WORK REQUIRED: Pictures aside, repeat every entry exactly.

DATA FOR PROCESSING:
####################

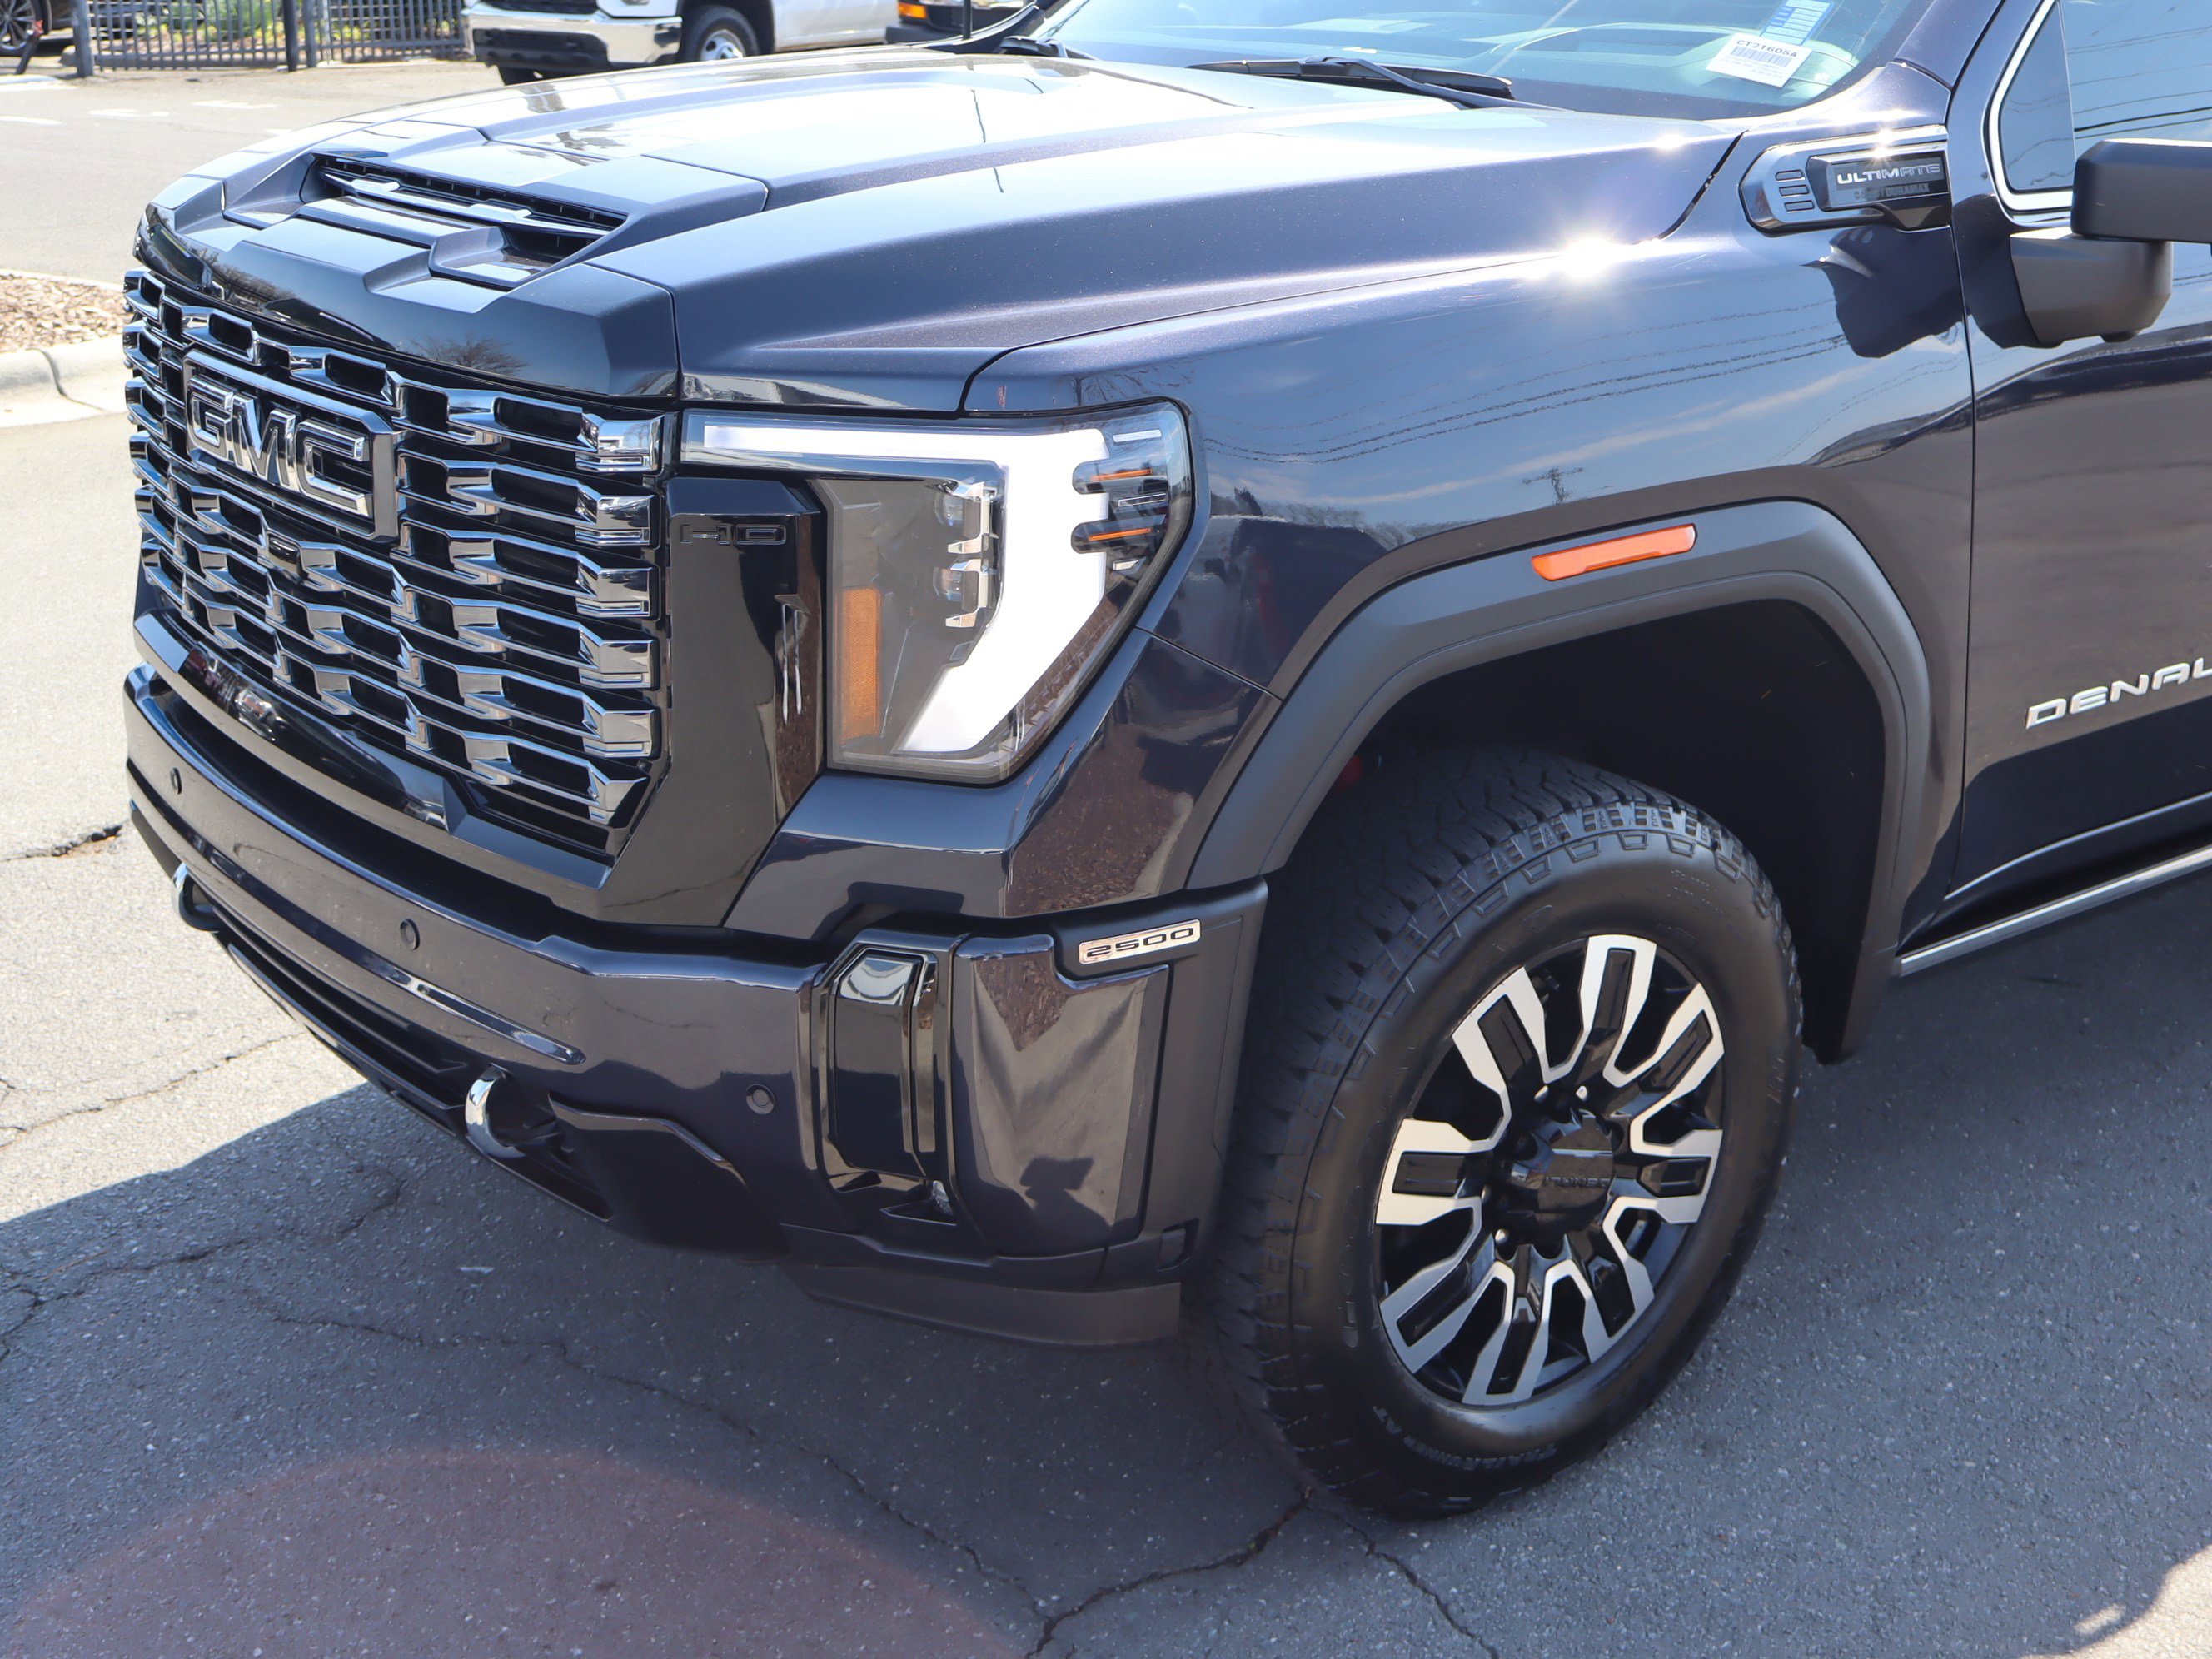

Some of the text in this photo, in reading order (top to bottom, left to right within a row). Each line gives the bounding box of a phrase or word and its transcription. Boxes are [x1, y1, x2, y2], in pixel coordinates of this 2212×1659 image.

[1736, 39, 1798, 57] CT21605A
[1836, 163, 1941, 185] ULTIMATE
[186, 375, 371, 517] GMC
[680, 523, 787, 546] HD
[1085, 927, 1194, 957] 2500

####################

EXERCISE RESPONSE:
Some of the text in this photo, in reading order (top to bottom, left to right within a row). Each line gives the bounding box of a phrase or word and its transcription. Boxes are [x1, y1, x2, y2], in pixel coordinates of this 2212×1659 image.

[1736, 39, 1798, 57] CT21605A
[1836, 163, 1941, 185] ULTIMATE
[186, 375, 371, 517] GMC
[680, 523, 787, 546] HD
[1085, 927, 1194, 957] 2500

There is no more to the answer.